XVII

DON ENRIQUE escuchó los comentarios. Los bisbiseaban los mozos, despechados:

—Si decíalo el Juan, y acertara, que nos tenía en poco.

—Tras el amo, ladina…

Daniel apretaba los labios y no decía nada.

Don Enrique miró a Jorge:

—¿Sabías esto ya?

—Sí.

—… y la muy puerca se ponía medio en cueros a lavarse en el pozo, de frente a la ventana del amo.

Ermitas juntó las manos. ¡Santo Dios!

—¿Quién lo contara?

—¡El Juan!

¡Mal bicho! Ermitas quedó sin habla. Veía a Marcela dando vueltas y vueltas como un torbellino, y las sayas arremolinadas al compás. Hubiera querido levantarse y separar a la pareja.

—Gustanlle vellos a la nena —rió Dolores, mordaz.

Don Enrique hizo que no se enteraba de nada y continuó bebiendo. ¡Cuándo terminaría el baile aquel! De lejos, intentó hacer un gesto al gaitero para que acabase. Había que evitar una algarada; los mozos estaban bebidos, y él sabía bien en qué podía acabar una fiesta si cae mal el vino.

El gaitero paró. Don Enrique se acercó a la pareja.

—Muy bien —dijo en alta voz—. Así se baila.

Y volviéndose, dio una palmada, animando.

—A bailar todo el mundo.

Y después, volviéndose hacia Ermitas:

—Baja a ver si la señora te necesita. Que vaya Marcela contigo.

Los ojos de la vieja se lo agradecieron.

Ermitas nada podía hablar según bajaban. Tenía miedo de que las siguieran, que comenzaba ya a anochecer. Agarraba fuertemente a Marcela por el brazo.

—Eh, tú, que me mancas —se quejó la moza.

—Marcela, ¿cuándo te lavabas en el pozo, asomábase el señor?

—¿En qué pozo?

Marcela no comprendía bien.

—En el pozo, mujer, cuando te lavabas. ¿Asomábase el señor?

Marcela se detuvo y la miró, estupefacta. Ermitas vio la cara de sorpresa esforzándose en comprender. Sintió una súbita alegría.

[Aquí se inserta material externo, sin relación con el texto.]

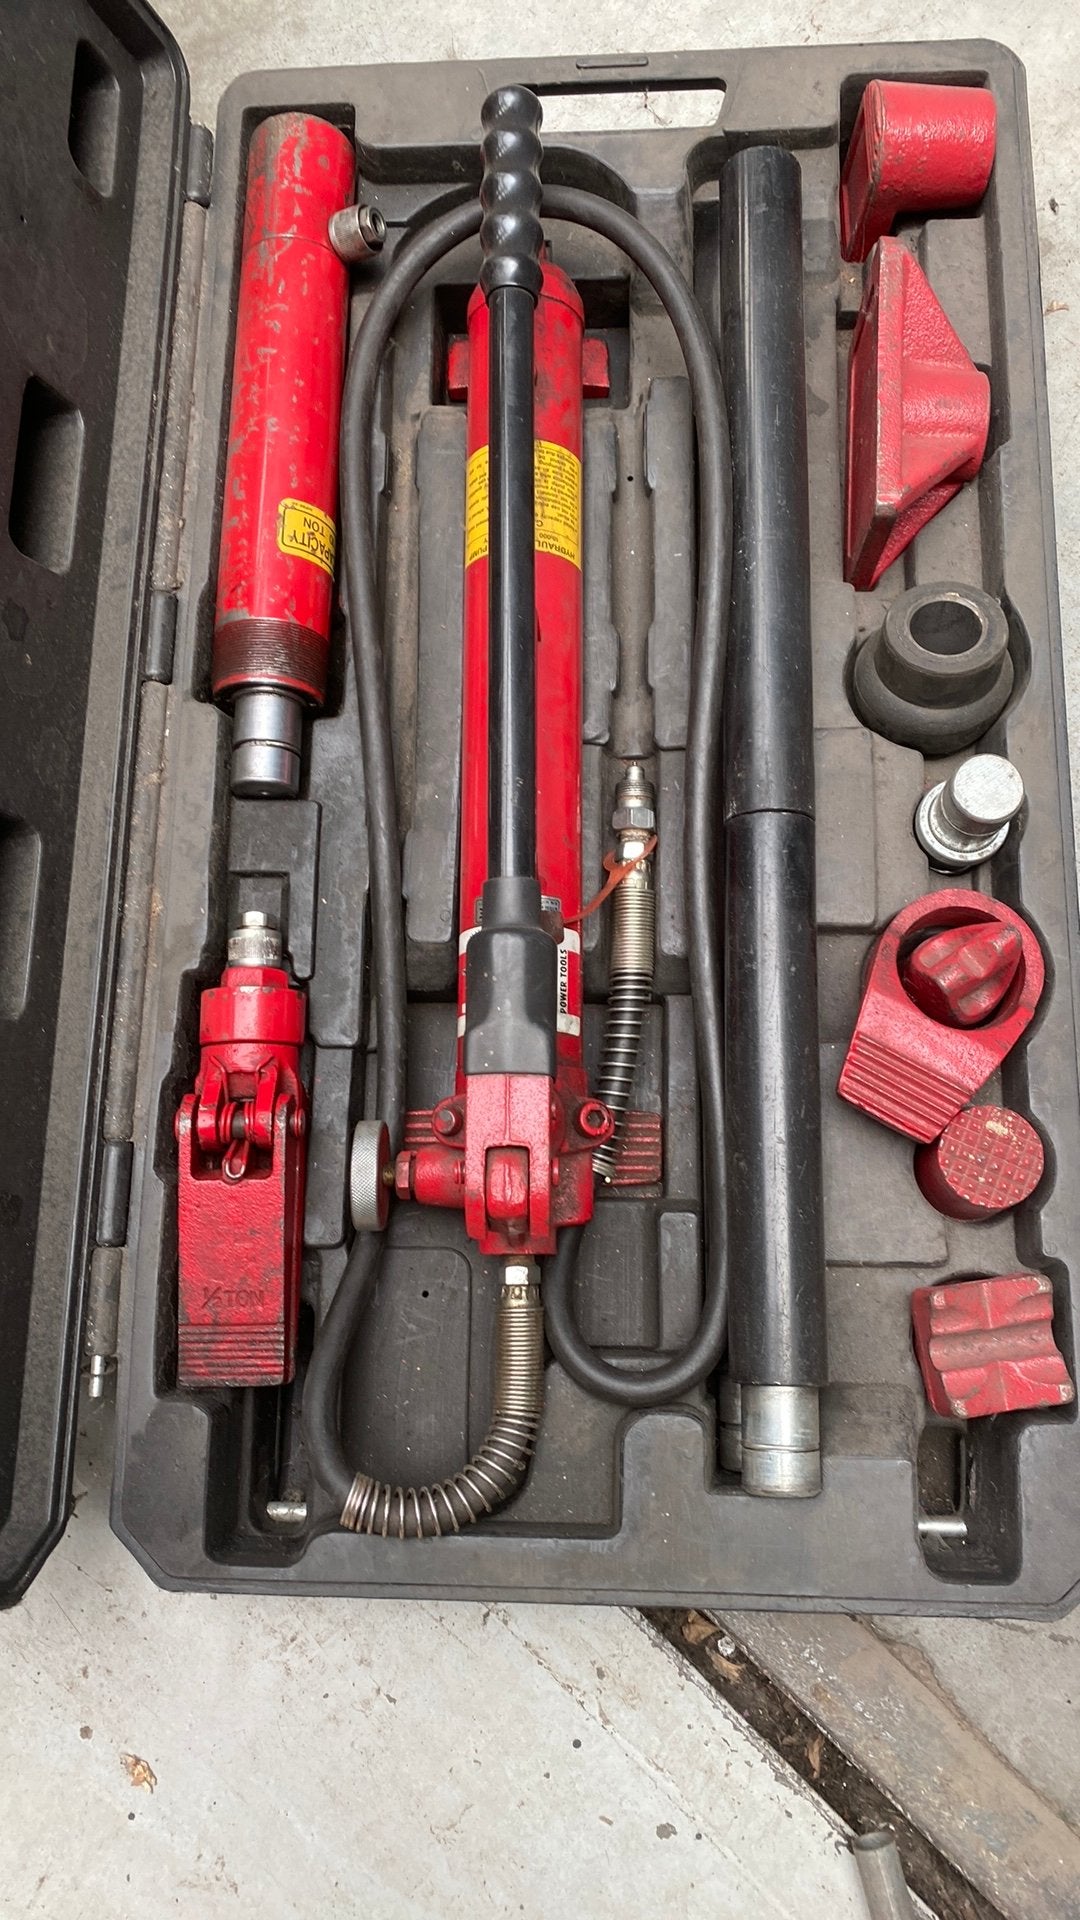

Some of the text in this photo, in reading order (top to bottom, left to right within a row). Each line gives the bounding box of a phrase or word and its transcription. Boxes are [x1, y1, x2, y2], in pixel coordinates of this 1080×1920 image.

[304, 517, 325, 537] TON
[535, 540, 577, 560] HYDRAUL
[560, 948, 568, 979] TOOLS
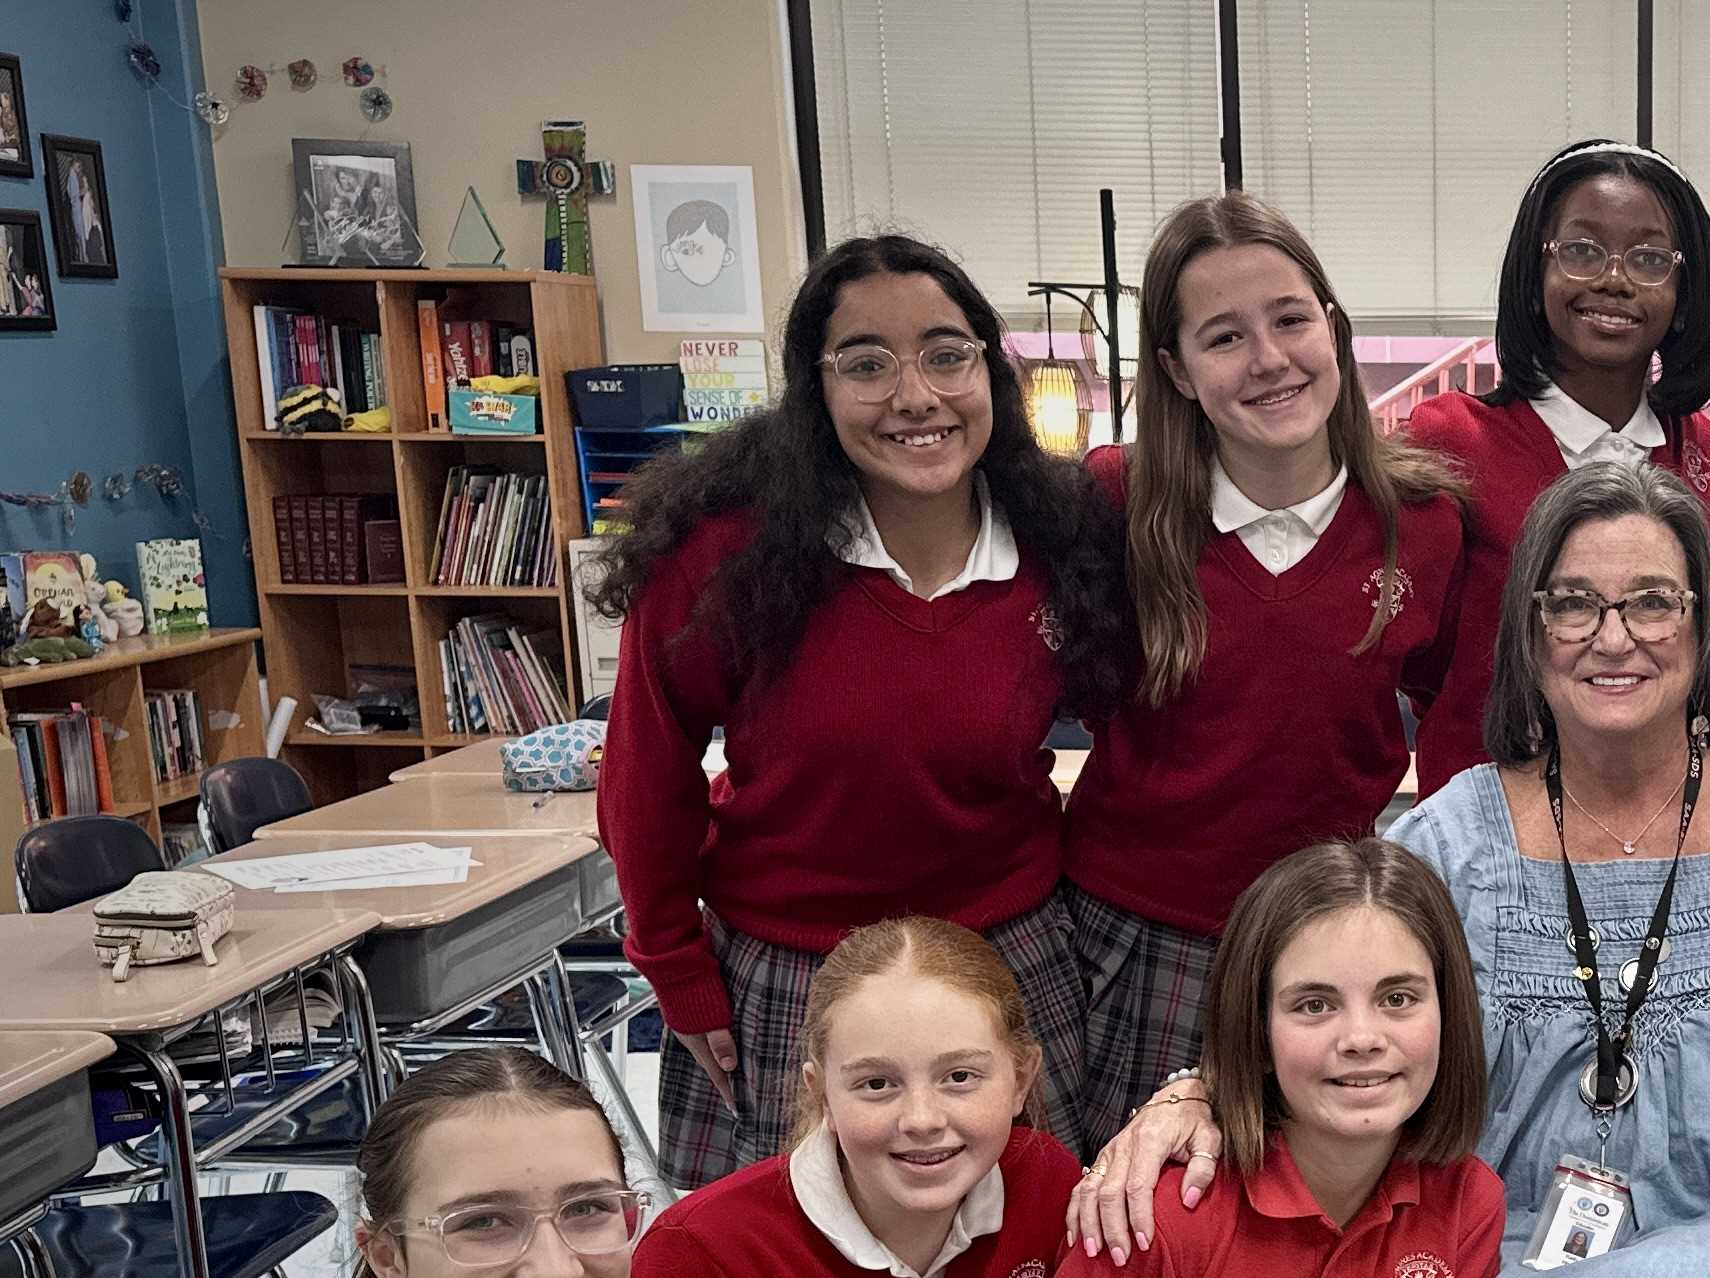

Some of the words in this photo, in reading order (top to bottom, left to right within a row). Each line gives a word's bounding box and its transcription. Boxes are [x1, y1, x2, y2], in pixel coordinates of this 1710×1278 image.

—No importa, Marceliña. Preguntábalo por preguntar.

—Mujer, ¿cómo iba de lavarme delante del señor? —protestaba ahora Marcela.

—Pues, clariño, Marcela. El vino vírame la cabeza —sentíase avergonzada.

—Y bien que te vira —fiera, ofendida, la moza se le plantó—. ¿De dónde saliera eso, di?

—¿Lo qué?

—No me tientes el humor, Ermitas.

—Ocurrióseme así que te viera bailar.

Marcela se puso roja y, de pronto, se quedó absorta. Había bailado con el amo. Ella, Marcela, había bailado con el amo. Y ahora le venía Ermitas con la pregunta aquella. Las cosas, de nuevo, comenzaron a darle vueltas, pero por dentro.

—El vino es mal compañero.

—Cataste tú, que yo no lo hiciera.

Ermitas pensó que ella era la que semejaba bebida. Ella, que diera vueltas y vueltas al compás de la gaita.

Y que ahora iba, sujeta por su brazo, tan pálida…

En la casa había un gran silencio. Quizá no fuera así, y lo pareciese tan sólo en contraste con la algarabía de la fraga. Los invitados habían ido marchándose; Dorila y Ángel no estaban ya, y en la galería doña Lucía, con la hija pequeña y Joaquín, permanecían silenciosos, sin encender las luces.

—¿Cómo fue aquello, Ermitas?

—Bien, señora; hasta yo bailara.

Doña Lucía se retiró temprano; estaba agotada.

—No esperéis a los demás para acostaros —aconsejó.

Marcela ayudó a Lucía a ordenar un poco la sala. Lucía parecía ansiosa y triste.

Cuando Marcela subió al cuarto que le habían asignado, Ermitas dormía ya. Marcela sonrió. ¡Pobre vieja! Hacía tiempo que no se moviera tanto. Ella, en cambio, no podría dormir. Creía oír de nuevo el ruxe-ruxe de la fiesta, y ella girando y girando. Quería acordarse de cómo salió al cuadrado y no se acordaba, ni tampoco de cuándo la cogieron los brazos del señor. Al principio le pareció que tiraba de ella, pero luego todo era dar vueltas y vueltas. Debió hacerlo porque cayó en cuenta de que ella no sabía bailar.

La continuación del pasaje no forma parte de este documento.